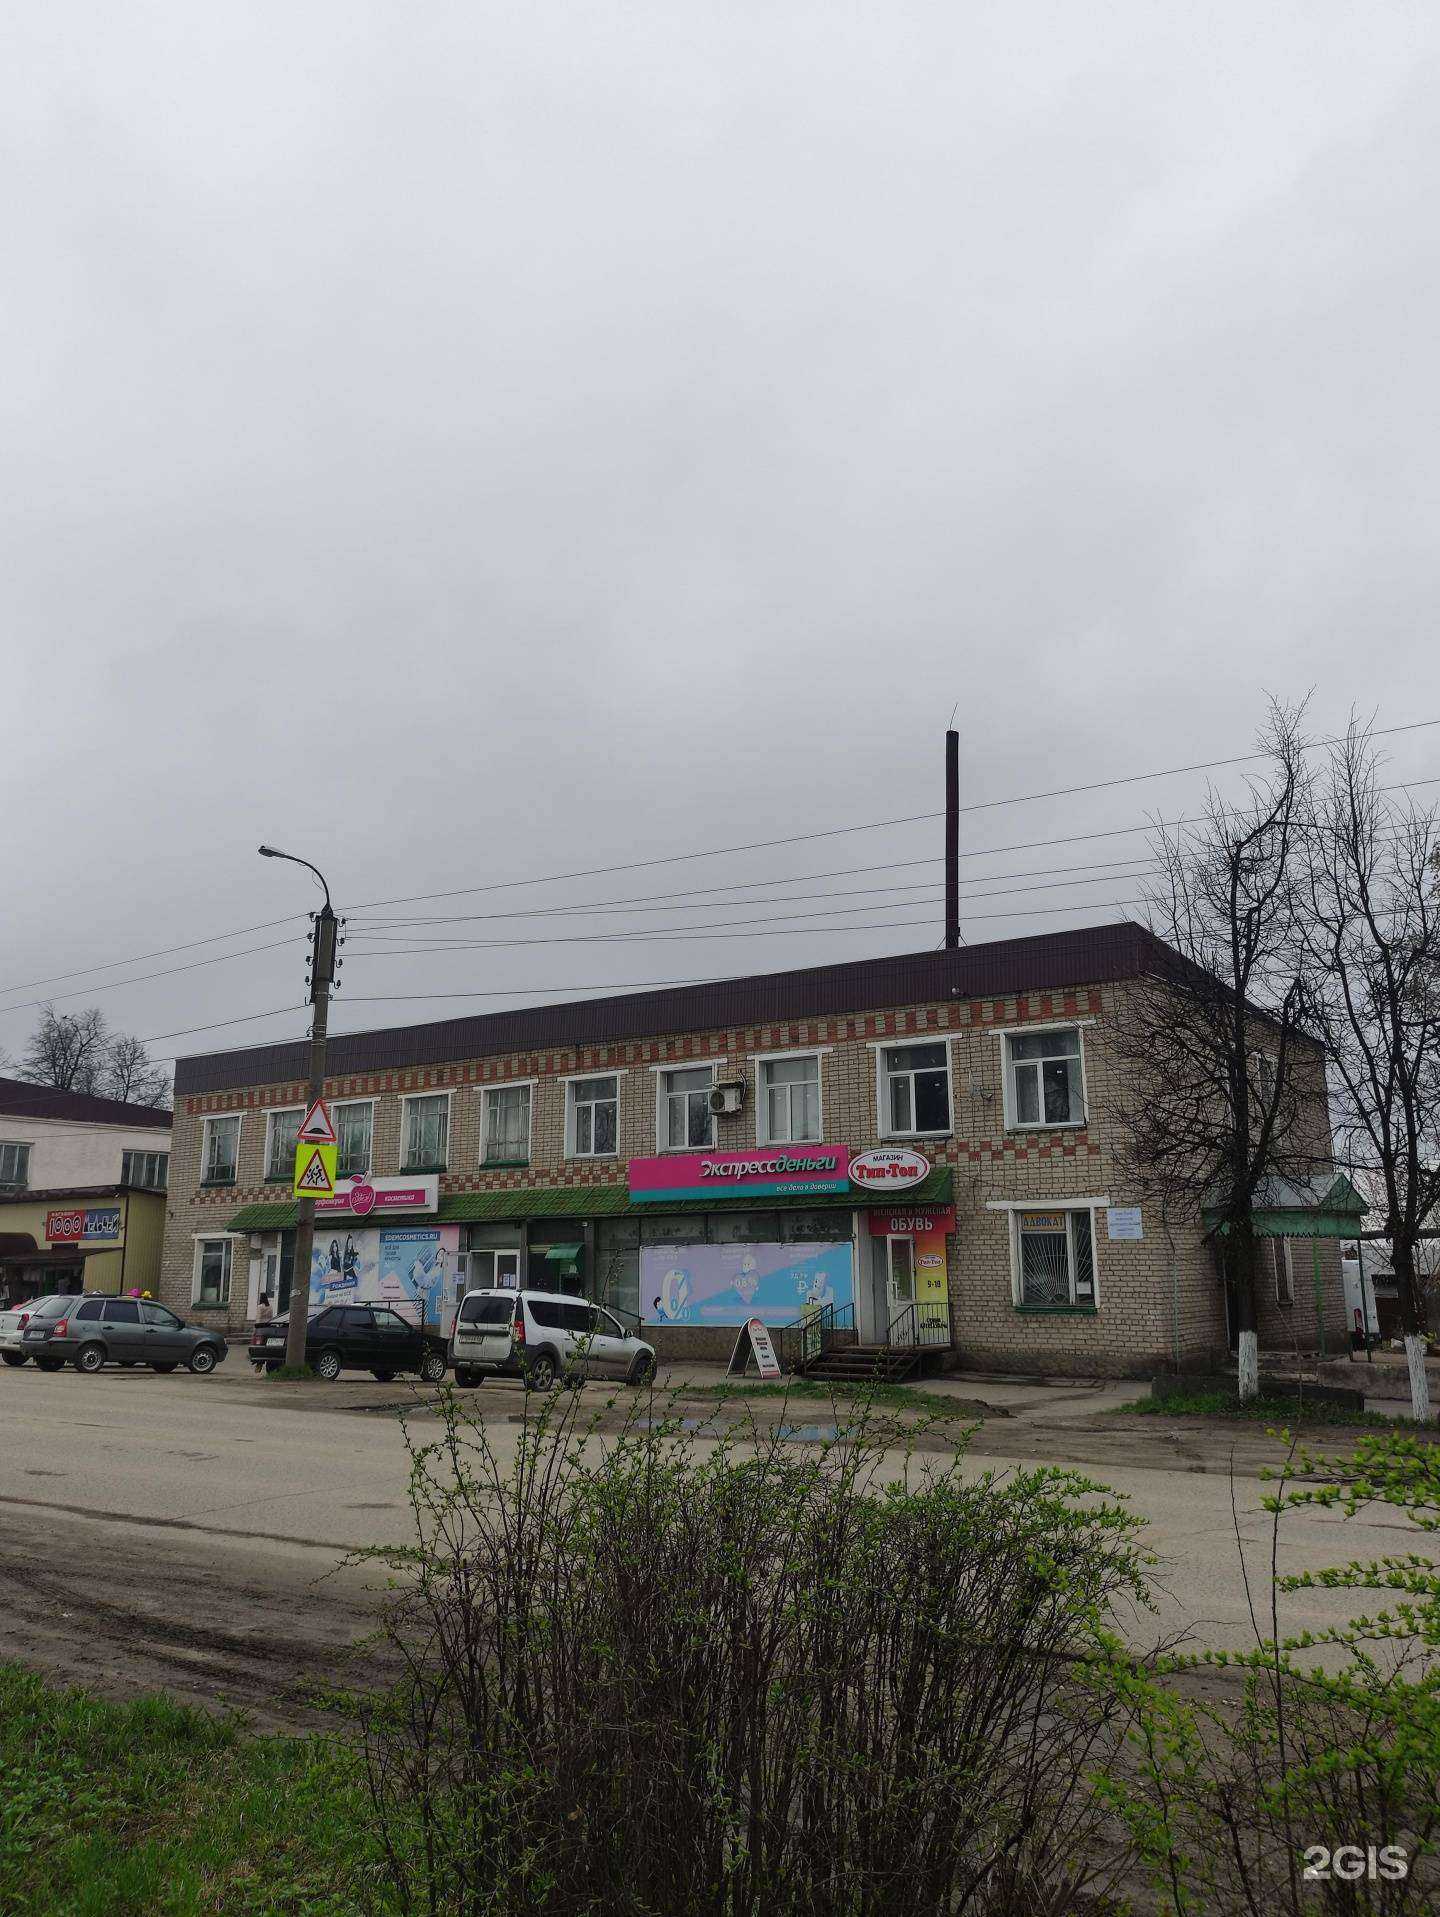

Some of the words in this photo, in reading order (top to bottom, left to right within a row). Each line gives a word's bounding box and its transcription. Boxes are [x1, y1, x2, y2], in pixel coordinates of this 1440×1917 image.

[873, 1154, 904, 1162] МАГАЗИН
[49, 1215, 81, 1237] 1000
[890, 1217, 933, 1231] ОБУВЬ
[1023, 1214, 1064, 1227] АДВОКАТ
::::
• **Exercise brief**:
Apart from the pictures, the whole listing should be reproduced exactly.

• **Exercise output**:
Some of the words in this photo, in reading order (top to bottom, left to right within a row). Each line gives a word's bounding box and its transcription. Boxes are [x1, y1, x2, y2], in pixel coordinates of this 1440×1917 image.

[873, 1154, 904, 1162] МАГАЗИН
[49, 1215, 81, 1237] 1000
[890, 1217, 933, 1231] ОБУВЬ
[1023, 1214, 1064, 1227] АДВОКАТ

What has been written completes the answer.